# Source data
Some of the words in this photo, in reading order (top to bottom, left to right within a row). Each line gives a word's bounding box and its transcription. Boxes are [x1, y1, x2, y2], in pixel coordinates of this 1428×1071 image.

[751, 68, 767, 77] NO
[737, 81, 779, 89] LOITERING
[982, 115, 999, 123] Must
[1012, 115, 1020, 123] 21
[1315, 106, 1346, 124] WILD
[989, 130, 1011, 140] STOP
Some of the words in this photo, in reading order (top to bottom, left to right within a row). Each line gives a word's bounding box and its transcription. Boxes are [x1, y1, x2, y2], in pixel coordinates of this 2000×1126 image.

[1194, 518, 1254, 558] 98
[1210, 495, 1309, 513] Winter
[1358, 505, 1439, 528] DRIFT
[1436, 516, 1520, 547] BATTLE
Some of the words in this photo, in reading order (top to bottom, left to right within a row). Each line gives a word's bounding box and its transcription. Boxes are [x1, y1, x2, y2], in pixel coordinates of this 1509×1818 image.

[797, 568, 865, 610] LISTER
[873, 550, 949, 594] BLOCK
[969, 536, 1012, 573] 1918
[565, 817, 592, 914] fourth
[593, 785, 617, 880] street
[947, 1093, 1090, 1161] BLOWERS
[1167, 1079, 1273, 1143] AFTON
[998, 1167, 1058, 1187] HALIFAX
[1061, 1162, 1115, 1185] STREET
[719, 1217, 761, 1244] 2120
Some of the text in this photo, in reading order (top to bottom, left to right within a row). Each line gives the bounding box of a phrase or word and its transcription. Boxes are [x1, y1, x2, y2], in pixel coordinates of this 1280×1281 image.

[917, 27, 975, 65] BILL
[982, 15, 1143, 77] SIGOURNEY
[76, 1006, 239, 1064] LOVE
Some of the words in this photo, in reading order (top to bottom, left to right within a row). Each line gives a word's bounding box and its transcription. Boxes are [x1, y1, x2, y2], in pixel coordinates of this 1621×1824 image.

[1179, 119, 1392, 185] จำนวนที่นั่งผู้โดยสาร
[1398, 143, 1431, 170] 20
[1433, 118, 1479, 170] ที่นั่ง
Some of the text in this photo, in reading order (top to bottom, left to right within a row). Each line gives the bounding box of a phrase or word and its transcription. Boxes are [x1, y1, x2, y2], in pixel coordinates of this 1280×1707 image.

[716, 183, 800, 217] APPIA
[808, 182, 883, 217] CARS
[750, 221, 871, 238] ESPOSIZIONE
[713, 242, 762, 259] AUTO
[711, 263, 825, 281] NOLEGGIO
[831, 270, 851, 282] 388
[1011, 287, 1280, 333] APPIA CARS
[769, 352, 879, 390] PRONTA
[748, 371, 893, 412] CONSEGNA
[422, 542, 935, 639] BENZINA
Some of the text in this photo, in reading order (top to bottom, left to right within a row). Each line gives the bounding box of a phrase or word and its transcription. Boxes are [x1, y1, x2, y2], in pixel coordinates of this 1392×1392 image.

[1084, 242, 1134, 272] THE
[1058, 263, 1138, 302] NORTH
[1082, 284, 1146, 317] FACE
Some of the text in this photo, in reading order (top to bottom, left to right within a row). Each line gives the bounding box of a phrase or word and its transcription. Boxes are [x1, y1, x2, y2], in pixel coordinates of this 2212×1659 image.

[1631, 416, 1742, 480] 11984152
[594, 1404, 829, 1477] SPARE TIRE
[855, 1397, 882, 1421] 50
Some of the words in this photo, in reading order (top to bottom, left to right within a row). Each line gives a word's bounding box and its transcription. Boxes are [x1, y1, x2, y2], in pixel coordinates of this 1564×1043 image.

# Problem description
Repeat each entry above exactly as shown.

# Output
Some of the words in this photo, in reading order (top to bottom, left to right within a row). Each line gives a word's bounding box and its transcription. Boxes are [x1, y1, x2, y2], in pixel coordinates of this 1428×1071 image.

[751, 68, 767, 77] NO
[737, 81, 779, 89] LOITERING
[982, 115, 999, 123] Must
[1012, 115, 1020, 123] 21
[1315, 106, 1346, 124] WILD
[989, 130, 1011, 140] STOP
Some of the words in this photo, in reading order (top to bottom, left to right within a row). Each line gives a word's bounding box and its transcription. Boxes are [x1, y1, x2, y2], in pixel coordinates of this 2000×1126 image.

[1194, 518, 1254, 558] 98
[1210, 495, 1309, 513] Winter
[1358, 505, 1439, 528] DRIFT
[1436, 516, 1520, 547] BATTLE
Some of the words in this photo, in reading order (top to bottom, left to right within a row). Each line gives a word's bounding box and its transcription. Boxes are [x1, y1, x2, y2], in pixel coordinates of this 1509×1818 image.

[797, 568, 865, 610] LISTER
[873, 550, 949, 594] BLOCK
[969, 536, 1012, 573] 1918
[565, 817, 592, 914] fourth
[593, 785, 617, 880] street
[947, 1093, 1090, 1161] BLOWERS
[1167, 1079, 1273, 1143] AFTON
[998, 1167, 1058, 1187] HALIFAX
[1061, 1162, 1115, 1185] STREET
[719, 1217, 761, 1244] 2120
Some of the text in this photo, in reading order (top to bottom, left to right within a row). Each line gives the bounding box of a phrase or word and its transcription. Boxes are [x1, y1, x2, y2], in pixel coordinates of this 1280×1281 image.

[917, 27, 975, 65] BILL
[982, 15, 1143, 77] SIGOURNEY
[76, 1006, 239, 1064] LOVE
Some of the words in this photo, in reading order (top to bottom, left to right within a row). Each line gives a word's bounding box and its transcription. Boxes are [x1, y1, x2, y2], in pixel coordinates of this 1621×1824 image.

[1179, 119, 1392, 185] จำนวนที่นั่งผู้โดยสาร
[1398, 143, 1431, 170] 20
[1433, 118, 1479, 170] ที่นั่ง
Some of the text in this photo, in reading order (top to bottom, left to right within a row). Each line gives the bounding box of a phrase or word and its transcription. Boxes are [x1, y1, x2, y2], in pixel coordinates of this 1280×1707 image.

[716, 183, 800, 217] APPIA
[808, 182, 883, 217] CARS
[750, 221, 871, 238] ESPOSIZIONE
[713, 242, 762, 259] AUTO
[711, 263, 825, 281] NOLEGGIO
[831, 270, 851, 282] 388
[1011, 287, 1280, 333] APPIA CARS
[769, 352, 879, 390] PRONTA
[748, 371, 893, 412] CONSEGNA
[422, 542, 935, 639] BENZINA
Some of the text in this photo, in reading order (top to bottom, left to right within a row). Each line gives the bounding box of a phrase or word and its transcription. Boxes are [x1, y1, x2, y2], in pixel coordinates of this 1392×1392 image.

[1084, 242, 1134, 272] THE
[1058, 263, 1138, 302] NORTH
[1082, 284, 1146, 317] FACE
Some of the text in this photo, in reading order (top to bottom, left to right within a row). Each line gives the bounding box of a phrase or word and its transcription. Boxes are [x1, y1, x2, y2], in pixel coordinates of this 2212×1659 image.

[1631, 416, 1742, 480] 11984152
[594, 1404, 829, 1477] SPARE TIRE
[855, 1397, 882, 1421] 50
Some of the words in this photo, in reading order (top to bottom, left to right within a row). Each line gives a word's bounding box and its transcription. Boxes are [x1, y1, x2, y2], in pixel coordinates of this 1564×1043 image.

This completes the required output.